The results were published in an online supplement of the Journal of Allergy and Clinical Immunology And presented at the 2025 American Academy of Allergy, Asthma & Immunology/World Allergy Organization Joint Meeting in San Diego on Sunday, March 2, 2025. “People with highly sensitive multi-food allergies previously had only one treatment option—oral immunotherapy—to reduce their allergic response to moderate amounts of these foods,” said Jeanne Marrazzo, MD, MPH, director of the NIH’s National Institute of Allergy and Infectious Diseases (NIAID), the study’s funder and regulatory sponsor. “This study shows that omalizumab is a good alternative because most people tolerate it very well. Oral immunotherapy remains an effective option if treatment-related adverse effects are not a concern.”

Omalizumab works by binding to the allergen antibody called immunoglobulin E in the blood and preventing it from arming the key immune cells responsible for allergic reactions. This makes these cells much less susceptible to stimulation by an allergen.

The current study is the second stage of a

benchmark clinical trial which found that 16 weeks of treatment with omalizumab increased the amount of peanuts, tree nuts, eggs, milk, and wheat that children with multiple food allergies as young as one year old could consume without an allergic reaction.

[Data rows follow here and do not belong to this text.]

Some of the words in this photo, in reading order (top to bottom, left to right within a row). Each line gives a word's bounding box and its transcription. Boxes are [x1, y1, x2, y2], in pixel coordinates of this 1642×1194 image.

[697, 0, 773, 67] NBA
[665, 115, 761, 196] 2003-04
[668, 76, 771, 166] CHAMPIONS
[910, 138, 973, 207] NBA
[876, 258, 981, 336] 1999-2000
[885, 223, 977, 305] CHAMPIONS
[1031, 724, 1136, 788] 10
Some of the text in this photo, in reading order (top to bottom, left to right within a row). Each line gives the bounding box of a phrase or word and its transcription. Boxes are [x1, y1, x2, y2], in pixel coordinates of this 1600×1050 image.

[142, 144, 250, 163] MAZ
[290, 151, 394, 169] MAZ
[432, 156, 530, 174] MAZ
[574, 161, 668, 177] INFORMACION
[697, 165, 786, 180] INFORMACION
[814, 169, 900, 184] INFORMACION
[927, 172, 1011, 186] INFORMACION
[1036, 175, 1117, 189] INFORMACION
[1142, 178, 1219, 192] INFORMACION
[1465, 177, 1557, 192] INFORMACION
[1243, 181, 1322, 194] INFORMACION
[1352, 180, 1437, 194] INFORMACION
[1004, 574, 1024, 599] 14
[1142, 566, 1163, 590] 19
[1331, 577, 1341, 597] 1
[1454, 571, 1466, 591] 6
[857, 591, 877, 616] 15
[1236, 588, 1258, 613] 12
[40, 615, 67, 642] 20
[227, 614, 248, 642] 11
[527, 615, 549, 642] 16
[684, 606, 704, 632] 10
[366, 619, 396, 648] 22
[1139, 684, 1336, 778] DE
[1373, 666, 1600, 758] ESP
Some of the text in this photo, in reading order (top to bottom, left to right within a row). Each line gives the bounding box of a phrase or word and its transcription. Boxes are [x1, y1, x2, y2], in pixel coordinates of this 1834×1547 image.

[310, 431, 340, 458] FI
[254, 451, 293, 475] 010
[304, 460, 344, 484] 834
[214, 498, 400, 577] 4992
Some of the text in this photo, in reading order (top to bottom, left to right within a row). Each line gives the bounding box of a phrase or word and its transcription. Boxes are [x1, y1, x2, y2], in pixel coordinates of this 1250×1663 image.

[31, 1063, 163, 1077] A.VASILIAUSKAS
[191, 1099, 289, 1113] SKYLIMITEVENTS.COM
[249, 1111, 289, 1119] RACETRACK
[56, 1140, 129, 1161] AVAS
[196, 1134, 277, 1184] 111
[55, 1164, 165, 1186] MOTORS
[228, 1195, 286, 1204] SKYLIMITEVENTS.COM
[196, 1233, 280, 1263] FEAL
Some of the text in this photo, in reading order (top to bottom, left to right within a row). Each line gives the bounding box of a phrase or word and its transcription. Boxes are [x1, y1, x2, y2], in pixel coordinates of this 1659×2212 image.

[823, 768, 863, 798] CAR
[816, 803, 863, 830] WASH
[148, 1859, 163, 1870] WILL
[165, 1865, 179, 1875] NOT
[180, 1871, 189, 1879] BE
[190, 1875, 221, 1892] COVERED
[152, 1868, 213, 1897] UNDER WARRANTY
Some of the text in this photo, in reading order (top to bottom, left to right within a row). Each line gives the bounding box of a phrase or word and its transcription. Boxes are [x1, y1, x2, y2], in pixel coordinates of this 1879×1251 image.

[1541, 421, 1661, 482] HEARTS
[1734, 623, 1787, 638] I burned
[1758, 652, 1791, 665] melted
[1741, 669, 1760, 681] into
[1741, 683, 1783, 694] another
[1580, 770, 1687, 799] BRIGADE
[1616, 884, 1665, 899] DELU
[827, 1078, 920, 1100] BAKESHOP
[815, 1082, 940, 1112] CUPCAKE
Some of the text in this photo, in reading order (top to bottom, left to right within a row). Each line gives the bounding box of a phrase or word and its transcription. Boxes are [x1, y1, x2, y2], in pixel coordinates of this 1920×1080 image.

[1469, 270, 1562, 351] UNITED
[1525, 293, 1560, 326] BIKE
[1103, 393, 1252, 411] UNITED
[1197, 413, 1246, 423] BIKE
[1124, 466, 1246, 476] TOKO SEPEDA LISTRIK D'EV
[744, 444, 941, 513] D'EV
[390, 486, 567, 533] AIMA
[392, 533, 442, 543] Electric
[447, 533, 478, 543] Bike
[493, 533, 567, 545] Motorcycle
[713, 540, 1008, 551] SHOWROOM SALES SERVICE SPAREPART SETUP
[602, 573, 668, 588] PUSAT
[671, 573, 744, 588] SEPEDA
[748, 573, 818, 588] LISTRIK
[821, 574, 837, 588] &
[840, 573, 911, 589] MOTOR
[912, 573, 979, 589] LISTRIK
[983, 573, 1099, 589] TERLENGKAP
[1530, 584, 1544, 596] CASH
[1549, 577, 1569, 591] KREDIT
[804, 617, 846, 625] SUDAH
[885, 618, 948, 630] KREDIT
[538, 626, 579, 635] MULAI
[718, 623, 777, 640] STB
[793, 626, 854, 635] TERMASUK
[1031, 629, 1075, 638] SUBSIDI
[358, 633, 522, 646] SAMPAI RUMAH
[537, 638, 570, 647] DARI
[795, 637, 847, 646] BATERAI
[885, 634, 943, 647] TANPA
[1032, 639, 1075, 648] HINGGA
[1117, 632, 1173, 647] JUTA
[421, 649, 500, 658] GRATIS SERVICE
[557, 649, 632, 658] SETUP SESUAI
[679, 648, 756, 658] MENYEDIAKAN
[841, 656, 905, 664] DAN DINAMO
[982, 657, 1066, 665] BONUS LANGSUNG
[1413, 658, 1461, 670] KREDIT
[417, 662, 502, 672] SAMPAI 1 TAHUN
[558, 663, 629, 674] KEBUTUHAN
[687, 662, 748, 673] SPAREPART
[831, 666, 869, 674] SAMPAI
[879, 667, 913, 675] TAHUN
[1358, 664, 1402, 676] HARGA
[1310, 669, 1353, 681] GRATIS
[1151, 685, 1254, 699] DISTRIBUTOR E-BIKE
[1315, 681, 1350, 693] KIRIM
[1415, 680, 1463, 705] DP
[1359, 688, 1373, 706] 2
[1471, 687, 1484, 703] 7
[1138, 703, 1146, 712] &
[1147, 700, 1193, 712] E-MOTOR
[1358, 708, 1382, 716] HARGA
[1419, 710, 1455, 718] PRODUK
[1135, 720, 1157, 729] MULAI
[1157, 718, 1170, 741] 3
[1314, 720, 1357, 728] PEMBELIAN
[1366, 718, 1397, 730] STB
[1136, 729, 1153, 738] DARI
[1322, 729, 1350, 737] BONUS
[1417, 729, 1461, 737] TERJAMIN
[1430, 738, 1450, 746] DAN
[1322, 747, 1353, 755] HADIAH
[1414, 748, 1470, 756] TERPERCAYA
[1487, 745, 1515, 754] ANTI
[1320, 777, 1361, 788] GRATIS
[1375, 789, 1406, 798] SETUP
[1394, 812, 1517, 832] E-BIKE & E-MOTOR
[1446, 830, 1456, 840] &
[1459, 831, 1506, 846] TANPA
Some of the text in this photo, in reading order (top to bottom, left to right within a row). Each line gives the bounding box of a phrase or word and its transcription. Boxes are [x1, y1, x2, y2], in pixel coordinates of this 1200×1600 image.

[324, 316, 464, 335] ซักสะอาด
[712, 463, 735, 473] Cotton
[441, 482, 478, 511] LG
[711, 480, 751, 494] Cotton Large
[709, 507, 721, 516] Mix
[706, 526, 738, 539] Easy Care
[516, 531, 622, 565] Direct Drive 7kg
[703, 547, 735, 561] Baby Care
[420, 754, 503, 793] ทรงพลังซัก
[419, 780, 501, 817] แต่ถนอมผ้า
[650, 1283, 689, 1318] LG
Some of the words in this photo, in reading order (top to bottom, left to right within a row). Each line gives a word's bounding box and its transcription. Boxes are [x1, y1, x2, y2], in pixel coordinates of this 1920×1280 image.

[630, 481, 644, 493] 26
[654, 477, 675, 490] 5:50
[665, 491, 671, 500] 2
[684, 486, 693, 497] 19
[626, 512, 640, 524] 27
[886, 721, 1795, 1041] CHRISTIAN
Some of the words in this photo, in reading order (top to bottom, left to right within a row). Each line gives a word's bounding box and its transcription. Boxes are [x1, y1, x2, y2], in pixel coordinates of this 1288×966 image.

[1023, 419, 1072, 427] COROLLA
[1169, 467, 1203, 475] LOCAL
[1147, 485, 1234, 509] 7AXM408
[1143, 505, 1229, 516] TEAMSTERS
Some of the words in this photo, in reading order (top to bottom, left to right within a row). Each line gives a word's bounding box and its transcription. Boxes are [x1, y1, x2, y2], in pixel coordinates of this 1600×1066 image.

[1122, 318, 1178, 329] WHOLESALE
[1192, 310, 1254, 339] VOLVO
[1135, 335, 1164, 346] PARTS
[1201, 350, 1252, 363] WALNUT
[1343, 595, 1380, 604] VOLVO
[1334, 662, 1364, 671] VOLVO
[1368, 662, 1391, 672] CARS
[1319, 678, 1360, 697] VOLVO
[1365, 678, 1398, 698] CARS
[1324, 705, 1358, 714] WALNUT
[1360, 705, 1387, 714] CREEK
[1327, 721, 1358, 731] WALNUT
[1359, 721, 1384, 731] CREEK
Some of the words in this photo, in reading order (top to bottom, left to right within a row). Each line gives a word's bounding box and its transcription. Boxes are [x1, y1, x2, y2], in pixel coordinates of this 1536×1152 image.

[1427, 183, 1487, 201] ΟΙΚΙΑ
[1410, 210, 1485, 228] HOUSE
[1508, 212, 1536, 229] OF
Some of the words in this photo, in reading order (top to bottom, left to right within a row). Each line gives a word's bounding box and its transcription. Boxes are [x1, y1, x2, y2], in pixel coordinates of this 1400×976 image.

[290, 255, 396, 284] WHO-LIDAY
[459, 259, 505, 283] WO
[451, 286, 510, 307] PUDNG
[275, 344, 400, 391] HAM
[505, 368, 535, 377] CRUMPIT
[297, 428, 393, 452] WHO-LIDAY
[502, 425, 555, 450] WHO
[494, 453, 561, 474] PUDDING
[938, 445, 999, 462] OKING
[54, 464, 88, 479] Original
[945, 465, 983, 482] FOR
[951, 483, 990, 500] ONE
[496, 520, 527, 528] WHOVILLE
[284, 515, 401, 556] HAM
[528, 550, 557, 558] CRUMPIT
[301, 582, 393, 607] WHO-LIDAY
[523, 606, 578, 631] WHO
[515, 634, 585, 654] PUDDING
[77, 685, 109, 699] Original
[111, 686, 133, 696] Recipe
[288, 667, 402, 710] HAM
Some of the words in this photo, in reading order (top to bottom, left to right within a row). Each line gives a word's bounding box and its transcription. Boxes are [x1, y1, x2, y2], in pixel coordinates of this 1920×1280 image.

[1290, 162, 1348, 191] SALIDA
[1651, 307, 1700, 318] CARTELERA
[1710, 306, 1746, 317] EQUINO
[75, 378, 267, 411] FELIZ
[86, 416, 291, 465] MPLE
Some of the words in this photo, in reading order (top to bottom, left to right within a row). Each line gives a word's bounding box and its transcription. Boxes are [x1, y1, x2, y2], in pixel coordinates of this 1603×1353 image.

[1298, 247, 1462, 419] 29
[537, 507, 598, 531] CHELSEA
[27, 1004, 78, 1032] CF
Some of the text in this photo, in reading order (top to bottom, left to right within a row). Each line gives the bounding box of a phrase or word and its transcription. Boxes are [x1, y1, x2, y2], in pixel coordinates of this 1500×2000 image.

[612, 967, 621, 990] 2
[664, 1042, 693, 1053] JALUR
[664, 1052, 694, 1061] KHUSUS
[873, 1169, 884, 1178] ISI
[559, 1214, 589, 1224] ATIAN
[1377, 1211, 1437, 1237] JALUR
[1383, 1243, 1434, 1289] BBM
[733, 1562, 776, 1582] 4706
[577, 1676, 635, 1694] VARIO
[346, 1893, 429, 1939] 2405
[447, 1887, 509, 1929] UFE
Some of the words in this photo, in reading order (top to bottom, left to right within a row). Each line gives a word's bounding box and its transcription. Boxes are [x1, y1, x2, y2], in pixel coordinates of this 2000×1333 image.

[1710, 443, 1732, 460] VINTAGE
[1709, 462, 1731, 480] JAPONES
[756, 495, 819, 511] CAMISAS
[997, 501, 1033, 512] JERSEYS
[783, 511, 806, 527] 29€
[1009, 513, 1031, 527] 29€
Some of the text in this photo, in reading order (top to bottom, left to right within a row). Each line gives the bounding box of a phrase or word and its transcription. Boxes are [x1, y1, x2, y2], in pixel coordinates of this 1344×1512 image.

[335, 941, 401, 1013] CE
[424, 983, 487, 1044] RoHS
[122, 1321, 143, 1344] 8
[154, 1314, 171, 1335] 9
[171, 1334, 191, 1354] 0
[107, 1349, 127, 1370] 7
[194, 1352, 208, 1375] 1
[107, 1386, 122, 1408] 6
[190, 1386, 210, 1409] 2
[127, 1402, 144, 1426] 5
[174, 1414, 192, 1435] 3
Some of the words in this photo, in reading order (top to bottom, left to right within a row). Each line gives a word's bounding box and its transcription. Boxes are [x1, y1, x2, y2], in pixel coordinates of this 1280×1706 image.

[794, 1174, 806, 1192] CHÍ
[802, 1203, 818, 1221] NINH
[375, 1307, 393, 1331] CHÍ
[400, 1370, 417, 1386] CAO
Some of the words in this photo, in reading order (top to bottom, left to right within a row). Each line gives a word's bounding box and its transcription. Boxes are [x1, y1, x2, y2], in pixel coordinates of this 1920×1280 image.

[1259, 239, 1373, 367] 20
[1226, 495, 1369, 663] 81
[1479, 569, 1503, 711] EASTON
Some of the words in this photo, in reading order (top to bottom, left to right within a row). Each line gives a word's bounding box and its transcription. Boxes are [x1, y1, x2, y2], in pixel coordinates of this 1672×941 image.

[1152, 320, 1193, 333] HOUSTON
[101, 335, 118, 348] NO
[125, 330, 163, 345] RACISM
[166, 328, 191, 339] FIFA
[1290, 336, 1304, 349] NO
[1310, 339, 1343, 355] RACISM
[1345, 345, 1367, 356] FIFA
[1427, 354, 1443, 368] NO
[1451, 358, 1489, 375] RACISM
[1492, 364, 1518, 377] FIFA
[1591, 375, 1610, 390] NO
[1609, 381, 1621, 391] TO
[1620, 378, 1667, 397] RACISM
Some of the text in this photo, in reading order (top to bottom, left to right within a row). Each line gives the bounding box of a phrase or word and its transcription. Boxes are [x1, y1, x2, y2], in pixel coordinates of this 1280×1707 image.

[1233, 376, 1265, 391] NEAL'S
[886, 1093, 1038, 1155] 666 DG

This next stage of the trial was designed to directly compare omalizumab to OIT for the first time. At 10 sites across the United States, the study team recruited 177 children and adolescents aged 1 to 17 years and three adults aged 18 to 55 years, all with a confirmed allergy to less than half a peanut and similarly small amounts of at least two other common foods: milk, egg, cashew, wheat, hazelnut, or tree nut. After completing the first stage of the trial, 117 people entered the second stage of the trial.

At the start of the second stage, all participants received omalizumab injections for eight weeks. The participants were then randomly divided into two groups. Group A received omalizumab injections and multi-allergen OIT for eight weeks, while Group B received omalizumab injections and placebo OIT for eight weeks. Subsequently, Group A received placebo injections and multi-allergen OIT for 44 weeks, while Group B continued to receive omalizumab injections and placebo OIT for 44 weeks. Neither the participants nor the investigators knew who was in which treatment group.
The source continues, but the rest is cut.